The entries are to be duplicated exactly, though any picture in them must be omitted.

[Excerpts from a dataset]

+ + +

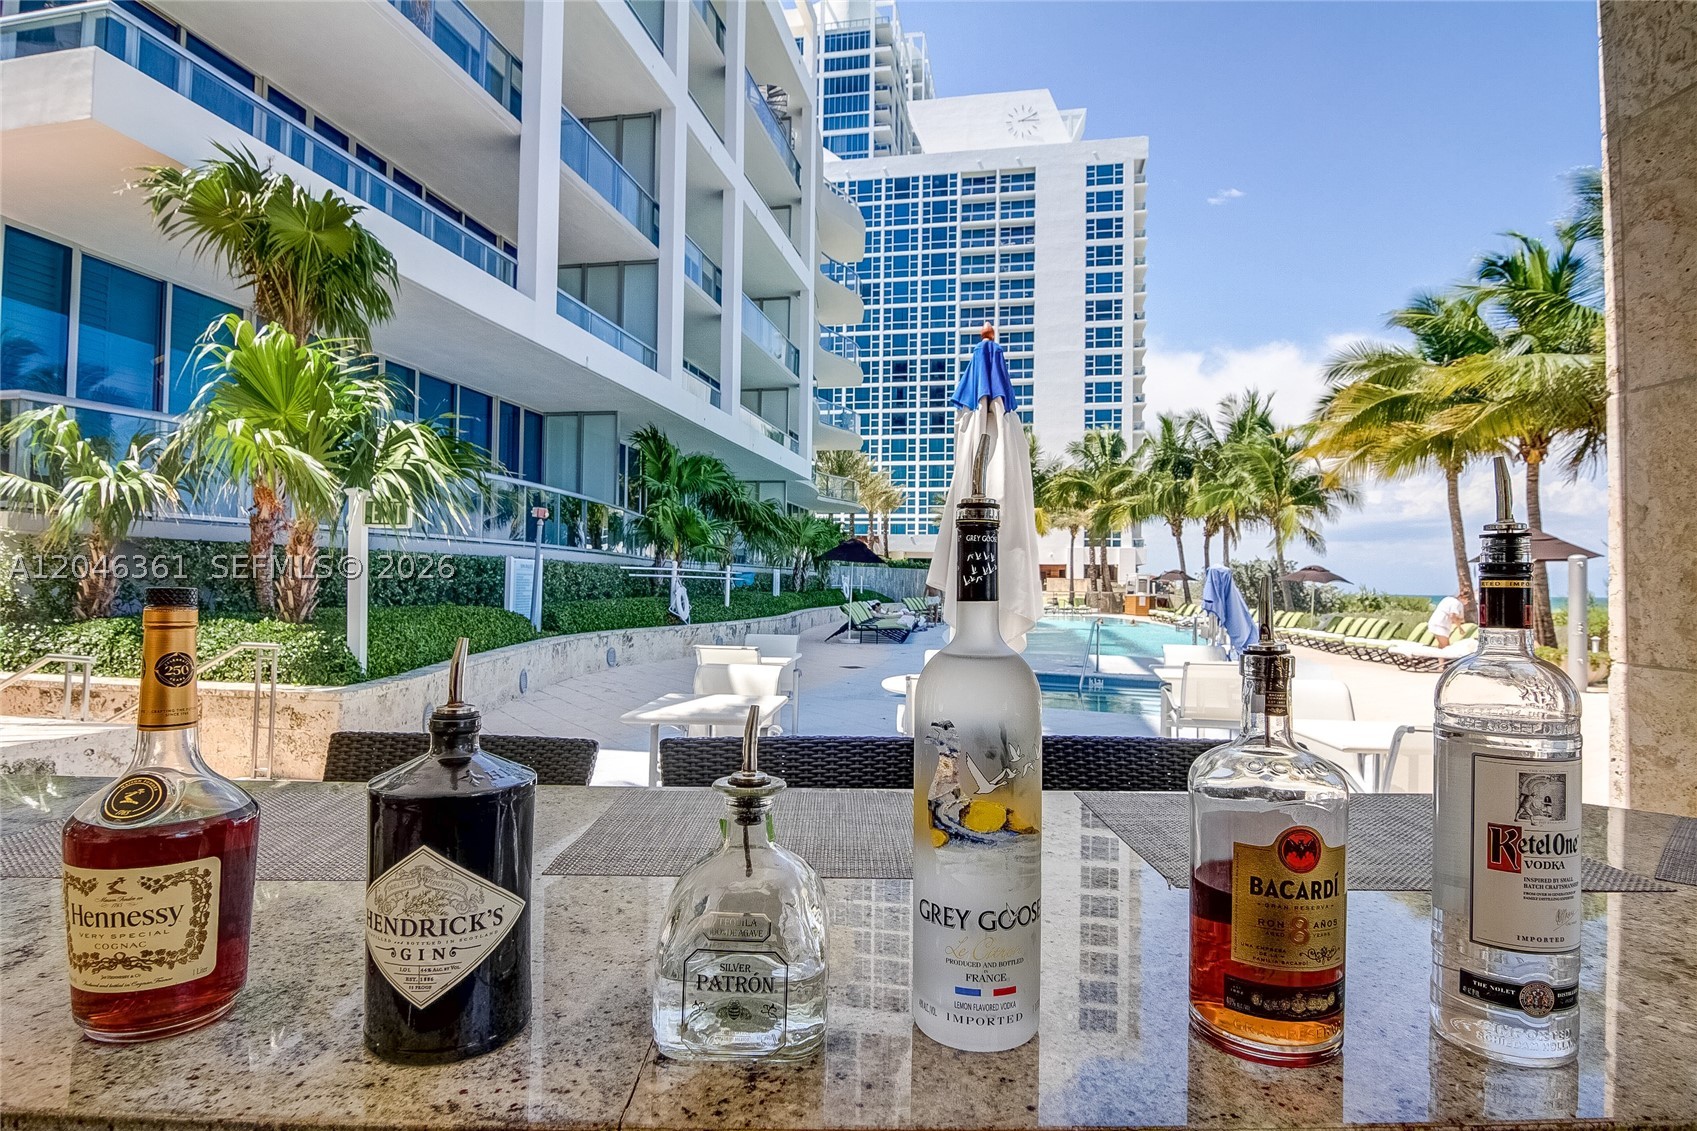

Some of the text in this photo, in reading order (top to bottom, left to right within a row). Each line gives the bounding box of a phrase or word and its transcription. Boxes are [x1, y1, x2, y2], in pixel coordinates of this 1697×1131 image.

[965, 534, 981, 542] GREY
[164, 665, 190, 676] 250
[1524, 860, 1565, 870] VODKA
[1523, 876, 1553, 884] INSPIRED
[1250, 872, 1339, 900] BACARDÍ
[71, 903, 185, 928] Hennessy
[919, 898, 1041, 932] GREY GOOSE
[366, 907, 504, 937] HENDRICK'S
[1258, 918, 1338, 929] RON AÑOS
[111, 929, 170, 939] SPECIAL
[459, 930, 499, 942] SCOTLAND
[738, 929, 764, 937] AGAVE
[1290, 916, 1311, 947] 8
[1516, 935, 1565, 943] IMPORTED
[94, 941, 147, 950] COGNAC
[400, 948, 445, 961] GIN
[719, 963, 751, 972] SILVER
[945, 957, 982, 968] PRODUCED
[998, 957, 1025, 968] BOTTLED
[196, 966, 208, 975] Liter
[696, 972, 775, 993] PATRÓN
[965, 973, 1007, 983] FRANCE
[1472, 979, 1488, 989] THE
[1489, 985, 1516, 995] NOLET
[954, 1001, 1017, 1011] LEMON FLAVORED VODKA
[946, 1012, 1024, 1026] IMPORTED
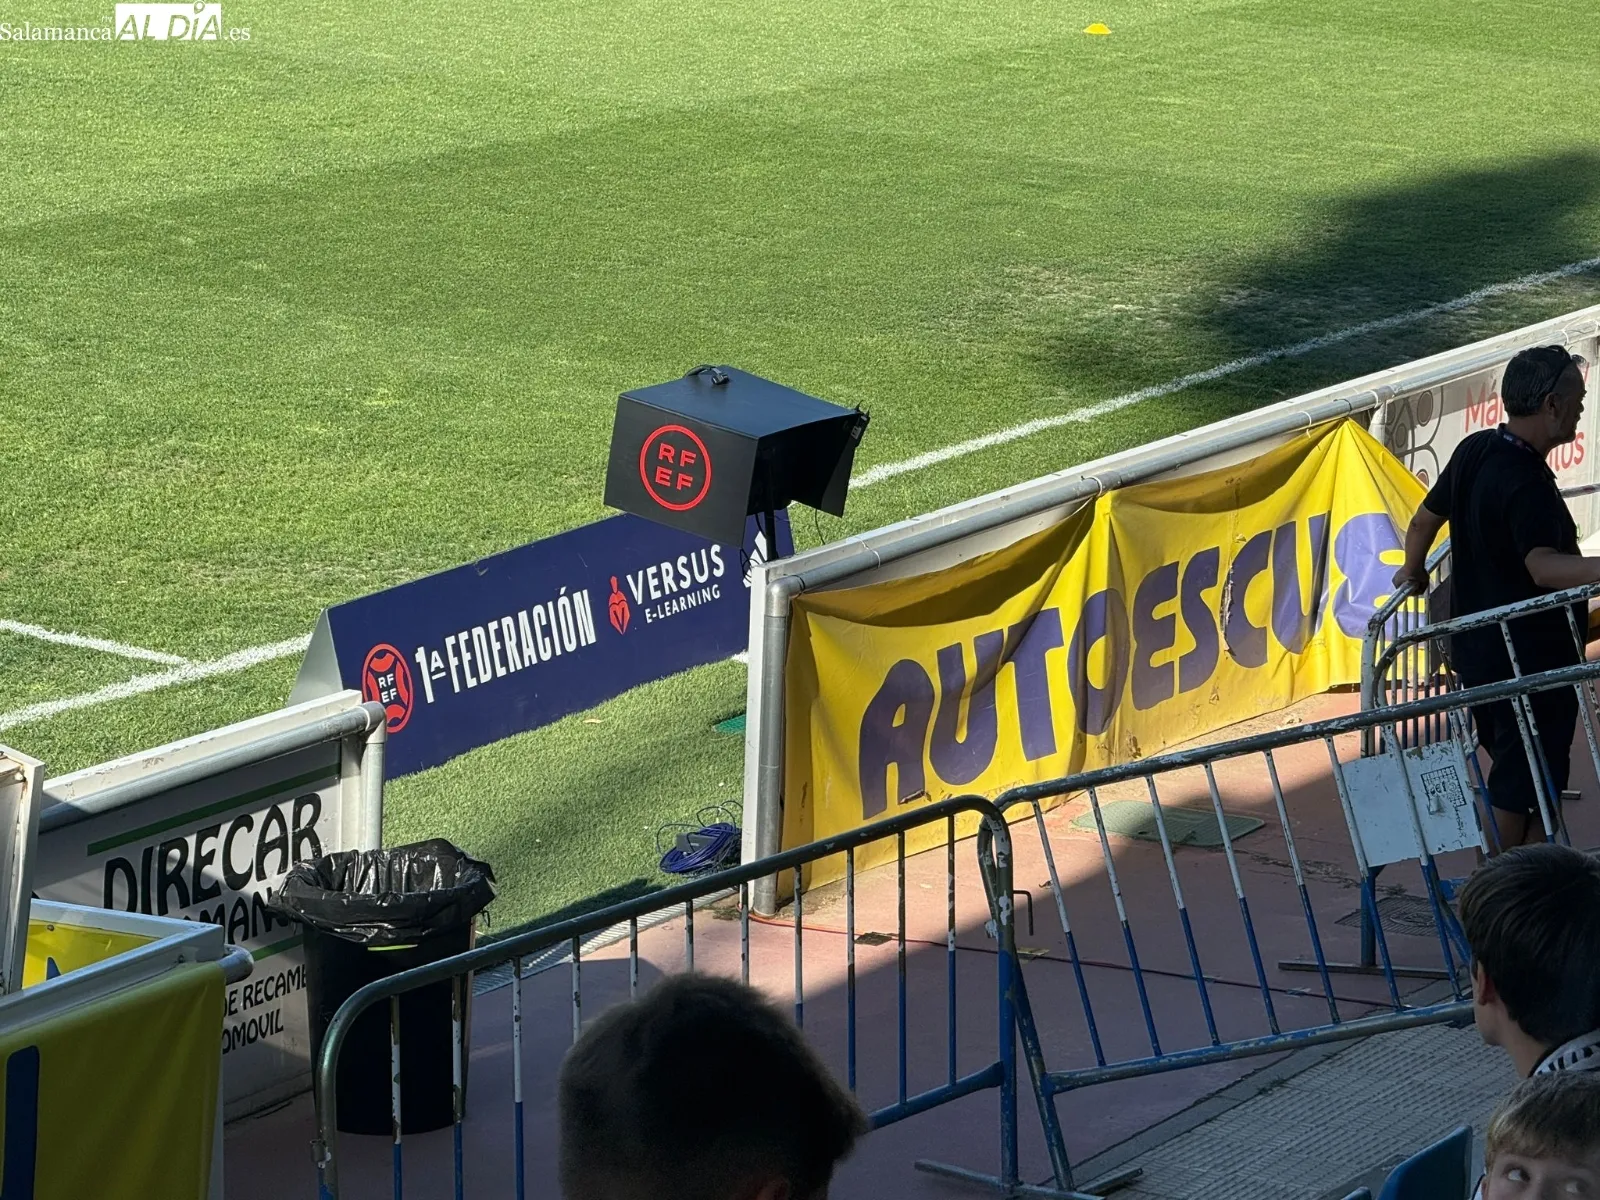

+ + +

[Answer area]
Some of the text in this photo, in reading order (top to bottom, left to right within a row). Each line gives the bounding box of a phrase or word and its transcription. Boxes are [x1, y1, x2, y2], in pixel coordinates of this 1697×1131 image.

[965, 534, 981, 542] GREY
[164, 665, 190, 676] 250
[1524, 860, 1565, 870] VODKA
[1523, 876, 1553, 884] INSPIRED
[1250, 872, 1339, 900] BACARDÍ
[71, 903, 185, 928] Hennessy
[919, 898, 1041, 932] GREY GOOSE
[366, 907, 504, 937] HENDRICK'S
[1258, 918, 1338, 929] RON AÑOS
[111, 929, 170, 939] SPECIAL
[459, 930, 499, 942] SCOTLAND
[738, 929, 764, 937] AGAVE
[1290, 916, 1311, 947] 8
[1516, 935, 1565, 943] IMPORTED
[94, 941, 147, 950] COGNAC
[400, 948, 445, 961] GIN
[719, 963, 751, 972] SILVER
[945, 957, 982, 968] PRODUCED
[998, 957, 1025, 968] BOTTLED
[196, 966, 208, 975] Liter
[696, 972, 775, 993] PATRÓN
[965, 973, 1007, 983] FRANCE
[1472, 979, 1488, 989] THE
[1489, 985, 1516, 995] NOLET
[954, 1001, 1017, 1011] LEMON FLAVORED VODKA
[946, 1012, 1024, 1026] IMPORTED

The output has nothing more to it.